[Exercise inputs Boundary: Start]

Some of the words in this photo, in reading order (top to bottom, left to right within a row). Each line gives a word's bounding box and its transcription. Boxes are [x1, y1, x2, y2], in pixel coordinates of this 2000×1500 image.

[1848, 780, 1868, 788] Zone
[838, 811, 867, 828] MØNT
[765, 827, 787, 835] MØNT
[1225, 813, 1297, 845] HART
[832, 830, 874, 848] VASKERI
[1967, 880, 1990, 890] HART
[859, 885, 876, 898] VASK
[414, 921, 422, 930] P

[Exercise inputs Boundary: End]

▶ Prompt:
Retype every line above with nothing changed.

▶ Response:
Some of the words in this photo, in reading order (top to bottom, left to right within a row). Each line gives a word's bounding box and its transcription. Boxes are [x1, y1, x2, y2], in pixel coordinates of this 2000×1500 image.

[1848, 780, 1868, 788] Zone
[838, 811, 867, 828] MØNT
[765, 827, 787, 835] MØNT
[1225, 813, 1297, 845] HART
[832, 830, 874, 848] VASKERI
[1967, 880, 1990, 890] HART
[859, 885, 876, 898] VASK
[414, 921, 422, 930] P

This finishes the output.